A man accused of murdering his first wife and attempting to murder his second took another woman to visit her grave when they spent the weekend in a hotel together.
Malcolm Webster, 51, and Catherine Brown, 45, shared a room at the hotel in Ballater in 2005, 11 years after his wife died.
Webster is accused of murdering Claire Morris in Aberdeenshire in May 1994 and pocketing more than £200,000 in insurance payouts after her death.
He denies drugging her, deliberately crashing a car she was a passenger in, and then setting fire to it.
Ms Brown, a nurse, told the High Court in Glasgow that Webster told her Claire Morris died after he swerved to avoid a drunk motorcyclist who was driving towards them on their side of the road, and their car hit a tree.
She told the court he had said: "I tried to get Claire out of the car but her legs were stuck. The last thing I remember before I was unconscious is the sound of her screaming."
He is also accused of trying to kill his second wife Felicity Drumm in New Zealand five years later to obtain £750,000 from separate insurance policies.
Webster, from Guildford in Surrey, also faces a further charge of attempting to marry Simone Banarjee bigamously and inducing her to make a will leaving everything to him, as well as lying about having leukaemia.
Ms Brown, a theatre nurse at Lorn and Islands Hospital in Oban, met Webster in June 2005 when she had just started her job at the hospital, where he also worked.
She joined him at the hotel in Ballater, Aberdeenshire, just after his father had died in December 2005. She told the court: "Malcolm was staying at Ballater and I went to see him at Ballater and I stayed in the same hotel in the same room."
They spent two nights there and toured the area. She said: "We went to an art gallery and he took me to places he had lived before, and to his wife's grave."
Derek Ogg QC asked whether they planted anything and she replied: "We had been at a garden centre and he had bought a plant and some gloves and a trowel."
He described Ms Morris's death to her in an email and said they were returning from a wedding when the accident happened. He said she was three months pregnant when she died.
Christian
Later, in an email discussion about theology and the Christian faith, he told her he was a Christian until May 27, 2004 when the crash happened.
He wrote: "I will remember what I heard for the rest of my life and it explains to you why I'm not a believer any more. I just knew I could not call myself a Christian again."

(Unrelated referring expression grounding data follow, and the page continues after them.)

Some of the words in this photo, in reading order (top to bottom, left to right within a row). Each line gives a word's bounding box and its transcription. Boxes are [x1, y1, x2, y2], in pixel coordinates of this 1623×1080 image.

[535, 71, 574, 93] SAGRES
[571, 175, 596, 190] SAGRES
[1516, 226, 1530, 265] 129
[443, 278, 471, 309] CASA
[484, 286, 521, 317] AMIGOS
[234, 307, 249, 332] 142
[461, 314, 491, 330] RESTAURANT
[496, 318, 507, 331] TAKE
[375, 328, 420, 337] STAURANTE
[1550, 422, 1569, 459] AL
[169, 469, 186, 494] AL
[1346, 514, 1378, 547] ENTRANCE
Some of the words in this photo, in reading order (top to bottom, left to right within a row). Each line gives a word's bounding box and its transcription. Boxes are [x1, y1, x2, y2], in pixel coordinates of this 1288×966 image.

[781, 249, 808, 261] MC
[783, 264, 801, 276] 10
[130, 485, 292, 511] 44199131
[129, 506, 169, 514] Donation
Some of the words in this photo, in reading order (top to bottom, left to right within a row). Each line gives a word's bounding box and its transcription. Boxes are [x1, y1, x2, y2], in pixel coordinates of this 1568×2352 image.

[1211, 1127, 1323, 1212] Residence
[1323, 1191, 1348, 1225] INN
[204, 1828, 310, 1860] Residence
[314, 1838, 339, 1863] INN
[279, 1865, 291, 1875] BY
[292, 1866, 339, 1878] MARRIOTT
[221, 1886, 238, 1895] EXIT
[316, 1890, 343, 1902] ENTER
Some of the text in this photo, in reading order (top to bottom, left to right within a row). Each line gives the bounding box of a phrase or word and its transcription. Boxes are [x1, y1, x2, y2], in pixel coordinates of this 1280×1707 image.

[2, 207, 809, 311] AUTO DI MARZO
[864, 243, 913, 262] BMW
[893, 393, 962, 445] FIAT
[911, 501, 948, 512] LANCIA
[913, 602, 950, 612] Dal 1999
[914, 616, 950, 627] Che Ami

Ms Brown also told the court that during the course of their friendship Webster told her he had been diagnosed with leukaemia and that she believed him. Asked whether he appeared ill during the course of their friendship, she said: "He was losing weight quite dramatically. He said he felt sick and he looked as if he felt sick."
She told the court she was not in love with Webster and had told him early in what she called their "friendship/relationship" that she could never marry him because he was not a Christian.
The court also heard from Robert Mackie, a mental health nurse at Royal Cornhill Hospital in Aberdeen, who assessed Webster in February 2008 after he said he had been feeling suicidal. Mr Ogg referred to notes Mr Mackie made at the time, which said Webster told him he had recently split up with his girlfriend Simone after she found out he had an ex-wife and child in New Zealand.
The girlfriend was also angry because he had lied to her about having cancer. Mr Ogg asked whether he heard this "from Malcolm Webster's own lips" and he answered "yes".
The notes record that Webster told Mr Mackie he had taken an overdose of insulin with no ill effect, and had also bought some plastic pipe so he could gas himself in his car, but had not done anything more about it.
The trial before Lord Bannatyne continues.